Top of Records supplied

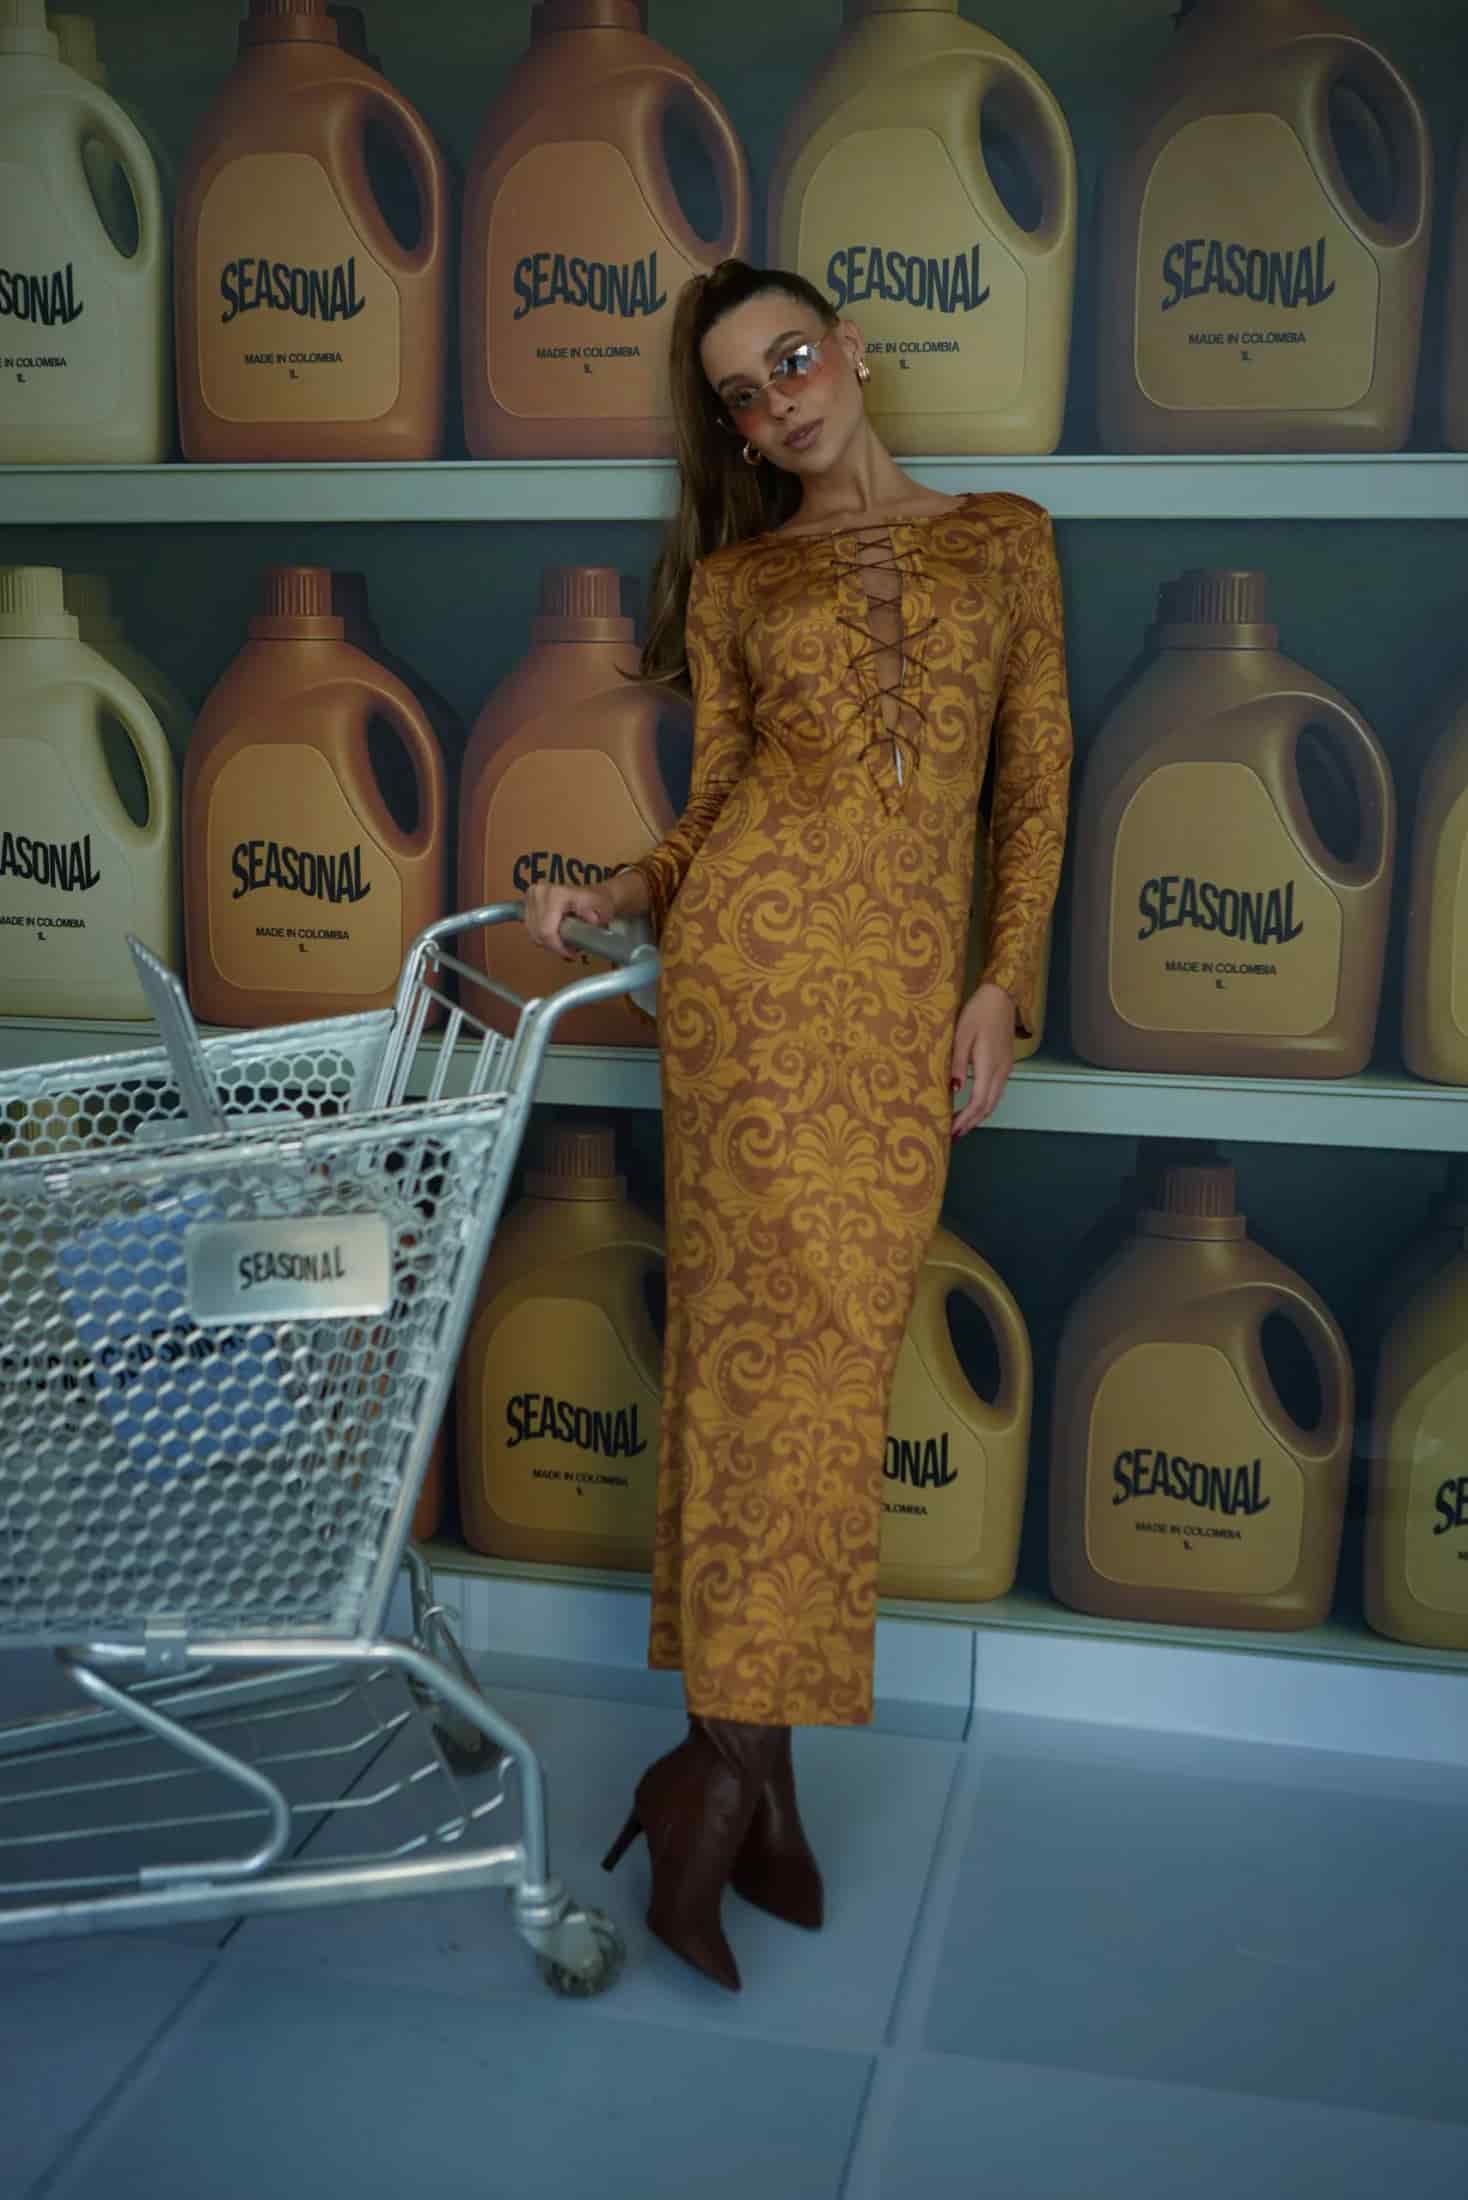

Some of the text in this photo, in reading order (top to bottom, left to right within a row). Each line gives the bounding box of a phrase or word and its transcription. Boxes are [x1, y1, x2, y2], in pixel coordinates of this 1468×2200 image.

[0, 263, 84, 325] SONAL
[221, 256, 366, 323] SEASONAL
[513, 250, 667, 320] SEASONAL
[827, 242, 990, 315] SEASONAL
[1161, 237, 1336, 312] SEASONAL
[15, 357, 67, 368] COLOMBIA
[244, 352, 343, 364] MADE IN COLOMBIA
[536, 345, 640, 359] MADE IN COLOMBIA
[864, 341, 960, 353] DE IN COLOMBIA
[1188, 331, 1306, 345] MADE IN COLOMBIA
[0, 832, 100, 892] ASONAL
[232, 840, 371, 903] SEASONAL
[26, 917, 35, 927] IN
[37, 917, 86, 929] COLOMBIA
[255, 927, 350, 940] MADE IN COLOMBIA
[1138, 876, 1304, 944] SEASONAL
[1165, 960, 1277, 976] MADE IN COLOMBIA
[238, 1245, 345, 1291] SEASONAL
[507, 1394, 648, 1458] SEASONAL
[881, 1432, 958, 1488] ONAL
[1113, 1448, 1270, 1515] SEASONAL
[1136, 1522, 1241, 1541] MADE IN COLOMBIA
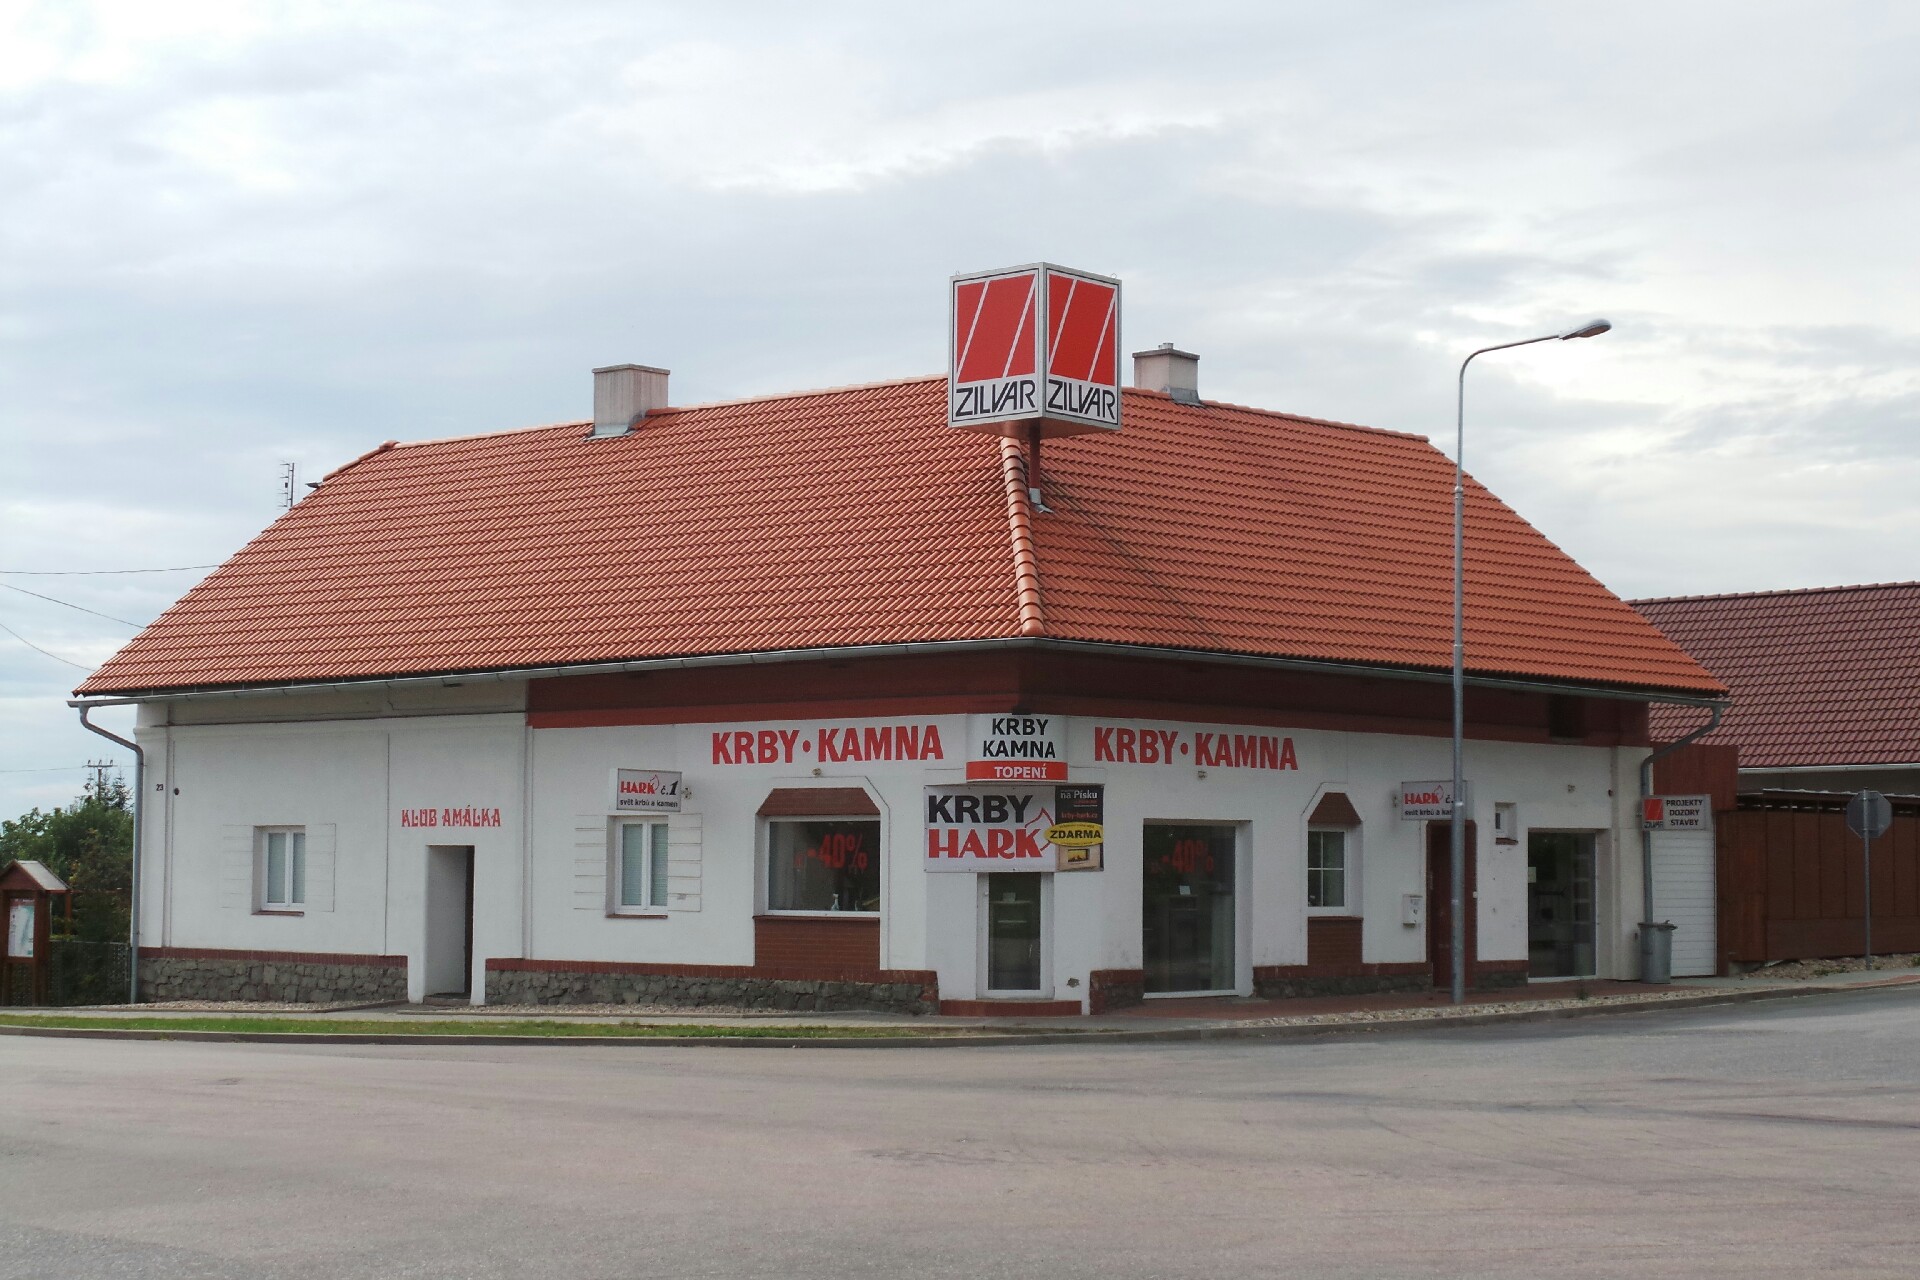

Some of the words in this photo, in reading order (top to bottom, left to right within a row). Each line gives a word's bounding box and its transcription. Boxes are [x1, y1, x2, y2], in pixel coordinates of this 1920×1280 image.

[955, 379, 1036, 417] ZILVAR
[1047, 379, 1116, 420] ZILVAR
[992, 718, 1049, 735] KRBY
[712, 729, 800, 765] KRBY
[818, 724, 944, 763] KAMNA
[982, 740, 1056, 759] KAMNA
[1094, 726, 1179, 765] KRBY
[1195, 732, 1299, 771] KAMNA
[994, 763, 1047, 779] TOPENÍ
[620, 781, 656, 794] HARK
[1060, 791, 1072, 799] na
[1404, 792, 1441, 804] HARK
[1666, 799, 1703, 807] PROJEKTY
[401, 808, 437, 828] KLUB
[442, 804, 501, 828] AMÁLKA
[928, 795, 1034, 824] KRBY
[928, 828, 1043, 860] HARK
[1050, 830, 1102, 839] ZDARMA

Bottom of Records supplied

■ Task prompt
In the copy, include no pictures; everything else in the material should be written out exactly.

■ Exercise answer
Some of the text in this photo, in reading order (top to bottom, left to right within a row). Each line gives the bounding box of a phrase or word and its transcription. Boxes are [x1, y1, x2, y2], in pixel coordinates of this 1468×2200 image.

[0, 263, 84, 325] SONAL
[221, 256, 366, 323] SEASONAL
[513, 250, 667, 320] SEASONAL
[827, 242, 990, 315] SEASONAL
[1161, 237, 1336, 312] SEASONAL
[15, 357, 67, 368] COLOMBIA
[244, 352, 343, 364] MADE IN COLOMBIA
[536, 345, 640, 359] MADE IN COLOMBIA
[864, 341, 960, 353] DE IN COLOMBIA
[1188, 331, 1306, 345] MADE IN COLOMBIA
[0, 832, 100, 892] ASONAL
[232, 840, 371, 903] SEASONAL
[26, 917, 35, 927] IN
[37, 917, 86, 929] COLOMBIA
[255, 927, 350, 940] MADE IN COLOMBIA
[1138, 876, 1304, 944] SEASONAL
[1165, 960, 1277, 976] MADE IN COLOMBIA
[238, 1245, 345, 1291] SEASONAL
[507, 1394, 648, 1458] SEASONAL
[881, 1432, 958, 1488] ONAL
[1113, 1448, 1270, 1515] SEASONAL
[1136, 1522, 1241, 1541] MADE IN COLOMBIA

Some of the words in this photo, in reading order (top to bottom, left to right within a row). Each line gives a word's bounding box and its transcription. Boxes are [x1, y1, x2, y2], in pixel coordinates of this 1920×1280 image.

[955, 379, 1036, 417] ZILVAR
[1047, 379, 1116, 420] ZILVAR
[992, 718, 1049, 735] KRBY
[712, 729, 800, 765] KRBY
[818, 724, 944, 763] KAMNA
[982, 740, 1056, 759] KAMNA
[1094, 726, 1179, 765] KRBY
[1195, 732, 1299, 771] KAMNA
[994, 763, 1047, 779] TOPENÍ
[620, 781, 656, 794] HARK
[1060, 791, 1072, 799] na
[1404, 792, 1441, 804] HARK
[1666, 799, 1703, 807] PROJEKTY
[401, 808, 437, 828] KLUB
[442, 804, 501, 828] AMÁLKA
[928, 795, 1034, 824] KRBY
[928, 828, 1043, 860] HARK
[1050, 830, 1102, 839] ZDARMA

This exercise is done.